Print every entry again, precisely as written.

RECORDS TO PROCESS section start

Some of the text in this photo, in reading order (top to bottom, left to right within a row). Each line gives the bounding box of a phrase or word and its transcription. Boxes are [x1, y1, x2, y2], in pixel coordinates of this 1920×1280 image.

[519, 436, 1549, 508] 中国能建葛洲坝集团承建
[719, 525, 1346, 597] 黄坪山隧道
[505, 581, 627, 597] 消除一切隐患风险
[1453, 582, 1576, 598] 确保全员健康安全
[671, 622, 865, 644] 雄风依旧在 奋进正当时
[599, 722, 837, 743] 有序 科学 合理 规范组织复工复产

RECORDS TO PROCESS section end

### [SOLVED EXERCISE]
Some of the text in this photo, in reading order (top to bottom, left to right within a row). Each line gives the bounding box of a phrase or word and its transcription. Boxes are [x1, y1, x2, y2], in pixel coordinates of this 1920×1280 image.

[519, 436, 1549, 508] 中国能建葛洲坝集团承建
[719, 525, 1346, 597] 黄坪山隧道
[505, 581, 627, 597] 消除一切隐患风险
[1453, 582, 1576, 598] 确保全员健康安全
[671, 622, 865, 644] 雄风依旧在 奋进正当时
[599, 722, 837, 743] 有序 科学 合理 规范组织复工复产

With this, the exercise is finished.